The actors playing the killer and victims keep rotating, adding psychological surrealism to Cruising’s fever dream nature and fuelling its murder mystery. Whenever a murder sequence takes place, there’s subliminal, split-second imagery of hardcore gay pornography, associating the murderer’s brutality with his sexual lust. While this is an artistic decision that can be taken out of context, Friedkin draws upon the complex forms of homophobia, both institutionalised and internalised. When you learn about the murderer’s possible motivations, it elicits pity and a sense of understanding but never a justification for his actions. He enjoys being attracted to fetish and yet he despises it. He’s compelled by the scene, building his self-loathing, hatred and knowledge of surrounding judgments, and he’s compelled to act out his violent desires. Rotating the actors between killer and victim not only creates ambiguity but a truly terrifying realisation that, no matter who gets caught, the real evil is homophobia. Simplifying the murderer to one character would strip Cruising of its effective tragedy and horror. The cycle of violence, hatred and shame will never end for at least one person.


Steve Burns is a fascinating character to think about in hindsight. There’s not much we know about him and he appears hollow, but his ambiguous nature does make him an intriguing character. He’s willing to go undercover if it gets him a promotion and a gold shield, and it’s where his career ambitions are juxtaposed against his personal life with his girlfriend. They’re both distant. Steve can’t tell Nancy about the case, both because it’s confidential and because its nature will lead to her opposition. It’s easy to see the story through his perspective as, due to Cruising’s partial commercial appeal, the audience is as new to the kink scene as he is. Al Pacino’s performance is there to hold the audience’s hand, guiding them through the immersive, kinky imagery that shocks and intrigues. Whenever Steve is undercover, Pacino slightly exaggerates his facial expressions and movements to remind us his character is essentially acting, yet he still plays into Steve’s unease, confusion, and familiarity as he explores the scene, further enhanced by Cruising’s nocturnal mood and occasional point-of-view shots. Even the sexual and sadomasochistic activity from Steve’s perspective is shot in a hazy manner, his gaze highlighting how sexual fetishes are being expressed in unexpectedly open ways. Only through repetition, montages and a great punk-rock soundtrack do we see Steve learning the ins and outs of the kink scene, and as he loses himself into the night, the action grows irresistible and attractive.


We never see Steve kiss a guy or engage in homosexual activity, and that’s where Cruising’s missing footage may have affected the cut a bit too much. Friedkin claims it consisted of only male pornography, despite some story twists that would affect audience views of the characters, but it still feels frustrating that Steve’s views of S&M subculture don’t always feel explored, and there’s a notable shift away from the clubbing action once Cruising hones in on its primary suspect. It’s a genuine shame that a director’s cut will forever remain lost, but it still leaves Cruising open enough to interpretation that its ambiguities become genuinely skin-crawling.
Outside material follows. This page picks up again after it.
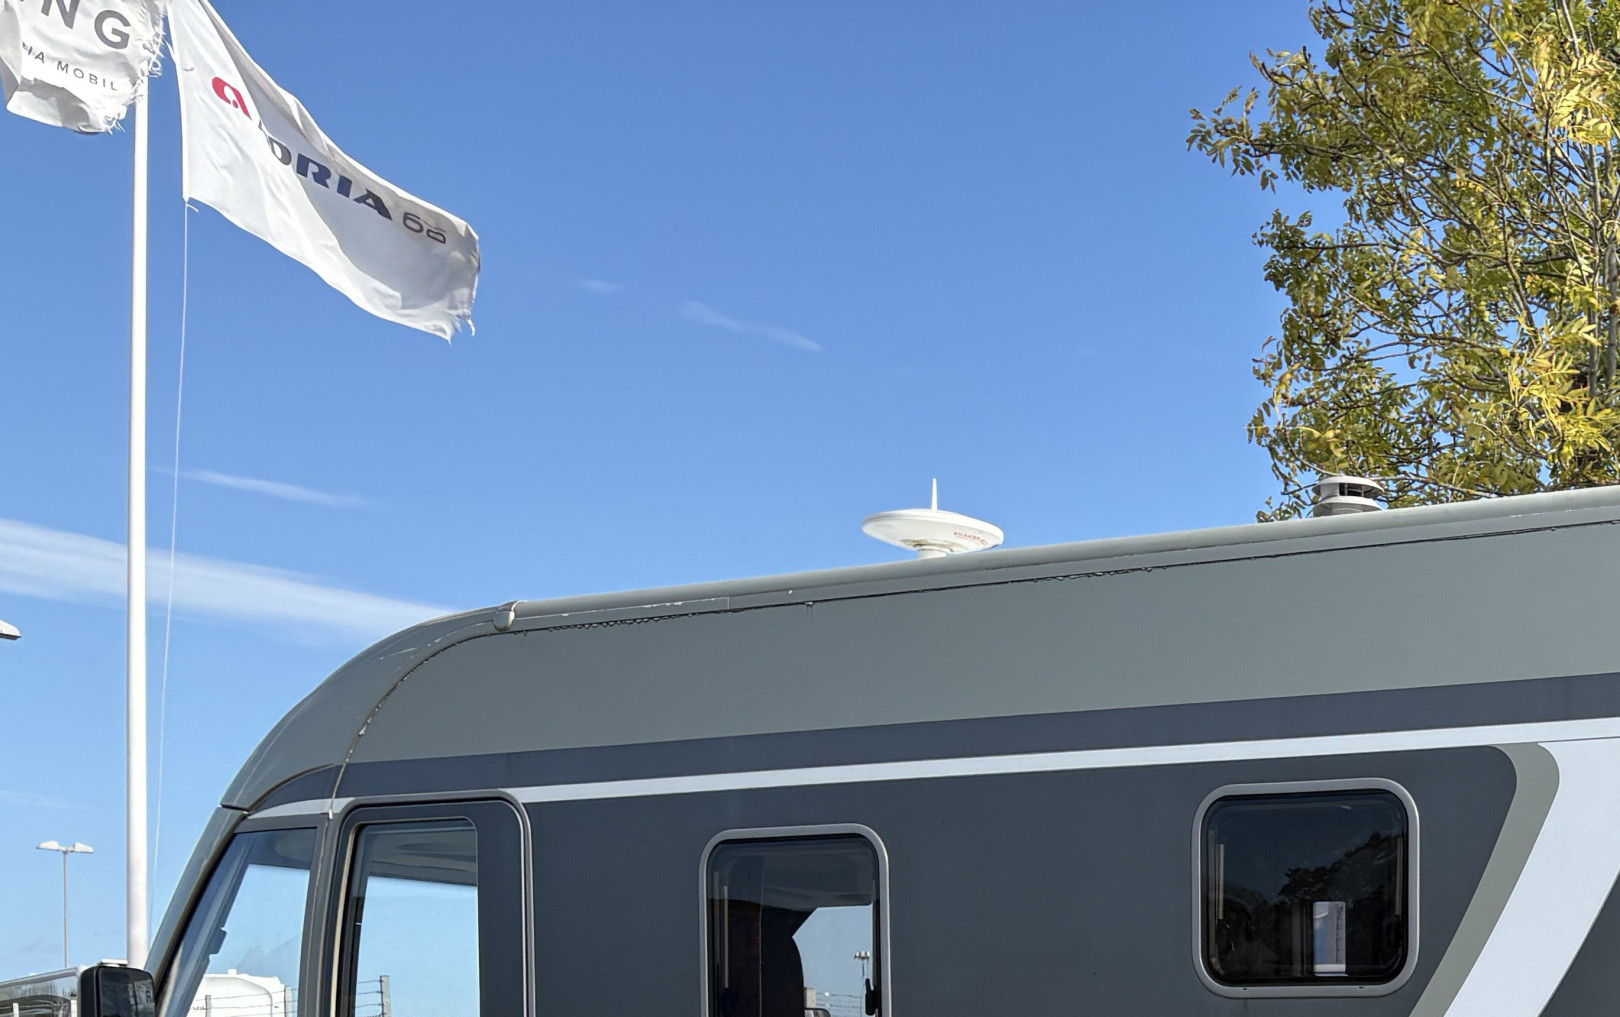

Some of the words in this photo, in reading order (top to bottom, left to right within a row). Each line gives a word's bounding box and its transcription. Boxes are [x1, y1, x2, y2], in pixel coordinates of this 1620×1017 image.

Cruising’s action is tame and not as perverse by today’s standards, but its sensuality and steaminess turn it into a powerful mood piece. It tackles a subject matter that most studios were unwilling to, and, in retrospect, Cruising has become a time capsule of what the night kink scene was like in the eighties. The internet age we live in has led to the prominence of hook-up apps and adult social media platforms like Recon and FetLife, allowing kinksters to connect online. Because the spotlight has shifted to some extent from kink clubs and leather bars, that scene is starting to feel like a relic of the past. Evaluating Cruising retrospectively is compelling, especially to see how progress has been made and that general social attitudes toward kink have become more understanding.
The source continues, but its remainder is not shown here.